Shadrach James, the eldest son of Thomas Shadrach James and Ada Cooper (one of William Cooper’s sisters), was born on Cumeroogunga. He was taught by his father in the school there, and later became an assistant teacher in the school on the reserve but an attack on his work by a government official and the local committee of the New South Wales Aborigines Protection Board prompted him to resign.

Sometime after his father retired as the school’s principal teacher in 1922, the two men and their families moved to the inner Melbourne working-class suburb of Fitzroy for several years, where a small number of their kith and kin would gather sometimes to talk politics.

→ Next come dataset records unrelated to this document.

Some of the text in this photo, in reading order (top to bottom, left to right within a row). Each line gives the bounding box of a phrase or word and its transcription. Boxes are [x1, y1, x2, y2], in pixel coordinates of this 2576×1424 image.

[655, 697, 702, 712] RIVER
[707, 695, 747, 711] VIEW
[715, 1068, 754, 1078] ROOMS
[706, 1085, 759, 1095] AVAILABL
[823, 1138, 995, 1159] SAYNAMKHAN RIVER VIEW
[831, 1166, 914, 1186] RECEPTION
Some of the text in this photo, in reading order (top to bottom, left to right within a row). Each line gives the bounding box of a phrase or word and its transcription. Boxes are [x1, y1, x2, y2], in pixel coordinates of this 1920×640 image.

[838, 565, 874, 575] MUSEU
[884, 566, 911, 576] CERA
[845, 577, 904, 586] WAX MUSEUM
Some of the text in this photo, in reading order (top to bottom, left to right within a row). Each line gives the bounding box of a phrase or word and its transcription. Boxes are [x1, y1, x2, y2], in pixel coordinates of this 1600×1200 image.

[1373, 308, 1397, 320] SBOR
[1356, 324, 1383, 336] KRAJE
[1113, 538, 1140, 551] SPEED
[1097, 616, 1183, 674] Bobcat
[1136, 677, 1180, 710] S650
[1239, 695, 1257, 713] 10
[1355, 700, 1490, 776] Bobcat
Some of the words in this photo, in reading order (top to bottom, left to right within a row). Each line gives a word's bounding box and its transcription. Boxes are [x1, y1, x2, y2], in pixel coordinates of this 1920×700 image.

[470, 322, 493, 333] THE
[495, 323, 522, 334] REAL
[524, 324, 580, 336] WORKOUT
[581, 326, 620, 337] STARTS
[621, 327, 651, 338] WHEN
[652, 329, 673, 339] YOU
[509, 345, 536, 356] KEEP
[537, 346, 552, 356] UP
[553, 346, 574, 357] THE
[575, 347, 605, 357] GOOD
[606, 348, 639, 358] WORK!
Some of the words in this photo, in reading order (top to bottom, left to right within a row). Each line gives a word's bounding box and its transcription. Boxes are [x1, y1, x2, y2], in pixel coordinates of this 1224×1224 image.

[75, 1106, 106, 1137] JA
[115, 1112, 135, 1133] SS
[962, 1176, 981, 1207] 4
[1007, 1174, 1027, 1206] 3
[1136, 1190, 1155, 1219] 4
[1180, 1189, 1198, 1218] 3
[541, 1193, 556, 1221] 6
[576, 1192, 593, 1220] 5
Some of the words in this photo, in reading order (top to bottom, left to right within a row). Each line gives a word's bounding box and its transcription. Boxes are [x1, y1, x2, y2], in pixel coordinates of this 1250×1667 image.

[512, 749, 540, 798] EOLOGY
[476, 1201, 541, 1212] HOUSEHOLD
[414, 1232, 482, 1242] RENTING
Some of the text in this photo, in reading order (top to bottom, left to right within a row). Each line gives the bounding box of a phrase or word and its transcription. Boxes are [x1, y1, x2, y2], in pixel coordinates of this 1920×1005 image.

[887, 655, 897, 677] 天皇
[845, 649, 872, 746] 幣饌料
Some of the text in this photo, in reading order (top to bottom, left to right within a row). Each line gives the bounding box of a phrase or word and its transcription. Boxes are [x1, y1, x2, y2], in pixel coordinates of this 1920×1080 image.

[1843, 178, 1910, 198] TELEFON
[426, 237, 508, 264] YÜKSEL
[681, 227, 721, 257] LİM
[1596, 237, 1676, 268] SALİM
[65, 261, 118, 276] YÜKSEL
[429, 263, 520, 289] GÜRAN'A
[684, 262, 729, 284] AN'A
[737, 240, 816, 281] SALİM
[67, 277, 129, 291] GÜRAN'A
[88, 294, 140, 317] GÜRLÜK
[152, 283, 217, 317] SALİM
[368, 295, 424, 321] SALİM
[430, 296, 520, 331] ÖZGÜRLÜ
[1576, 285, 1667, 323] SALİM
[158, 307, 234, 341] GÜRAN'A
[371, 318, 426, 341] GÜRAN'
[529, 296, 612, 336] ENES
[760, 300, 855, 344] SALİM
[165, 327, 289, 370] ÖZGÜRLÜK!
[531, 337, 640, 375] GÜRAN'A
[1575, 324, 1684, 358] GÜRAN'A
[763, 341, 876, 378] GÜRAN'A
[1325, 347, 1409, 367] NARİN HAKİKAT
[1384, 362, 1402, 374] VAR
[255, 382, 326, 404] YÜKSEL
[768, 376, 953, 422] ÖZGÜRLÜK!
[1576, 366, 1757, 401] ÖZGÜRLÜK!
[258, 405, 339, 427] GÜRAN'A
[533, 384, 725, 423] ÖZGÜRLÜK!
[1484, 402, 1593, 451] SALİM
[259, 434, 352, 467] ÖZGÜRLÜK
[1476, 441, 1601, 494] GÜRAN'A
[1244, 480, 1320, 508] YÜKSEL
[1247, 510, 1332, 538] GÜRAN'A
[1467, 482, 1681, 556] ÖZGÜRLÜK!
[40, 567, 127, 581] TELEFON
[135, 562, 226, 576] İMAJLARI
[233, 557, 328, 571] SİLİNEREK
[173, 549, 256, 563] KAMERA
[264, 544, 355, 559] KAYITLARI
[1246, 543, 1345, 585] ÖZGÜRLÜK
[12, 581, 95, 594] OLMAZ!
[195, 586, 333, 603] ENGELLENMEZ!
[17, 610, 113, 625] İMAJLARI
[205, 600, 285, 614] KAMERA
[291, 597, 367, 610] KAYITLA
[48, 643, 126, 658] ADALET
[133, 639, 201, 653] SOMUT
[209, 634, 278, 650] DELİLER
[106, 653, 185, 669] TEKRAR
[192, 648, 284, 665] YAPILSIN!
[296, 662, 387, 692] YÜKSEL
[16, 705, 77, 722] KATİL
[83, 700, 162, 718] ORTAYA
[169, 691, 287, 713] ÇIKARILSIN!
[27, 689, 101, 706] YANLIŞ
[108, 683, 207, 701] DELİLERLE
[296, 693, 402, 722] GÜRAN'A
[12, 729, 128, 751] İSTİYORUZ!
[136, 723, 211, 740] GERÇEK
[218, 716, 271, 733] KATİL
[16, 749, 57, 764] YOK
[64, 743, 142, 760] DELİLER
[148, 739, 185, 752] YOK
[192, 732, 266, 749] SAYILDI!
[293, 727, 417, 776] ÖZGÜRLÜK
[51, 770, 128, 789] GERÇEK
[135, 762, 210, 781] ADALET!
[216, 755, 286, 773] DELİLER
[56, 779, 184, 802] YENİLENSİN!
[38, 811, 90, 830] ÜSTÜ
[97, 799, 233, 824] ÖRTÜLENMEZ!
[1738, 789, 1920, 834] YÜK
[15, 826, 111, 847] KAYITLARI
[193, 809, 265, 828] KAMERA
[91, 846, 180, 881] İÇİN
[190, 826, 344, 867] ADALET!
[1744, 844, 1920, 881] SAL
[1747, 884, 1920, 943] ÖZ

In 1929-30 James raised his voice on behalf of Aboriginal people by speaking to missionary organisations, writing to a federal minister, and making appeals to the labour movement. There were marked similarities between his political work and that of his uncle a few years later. Most of his protest, like in Cooper’s case, was informed by his own experience, or that of his family and kin, at Maloga and Cumeroogunga, and his connections to the union movement.

James was also influenced by his father’s ongoing connections to India, Mauritius and the Indian diaspora and thus to the anti-colonial struggle in India and the campaigns against indentured labour in other British colonies, such as Fiji.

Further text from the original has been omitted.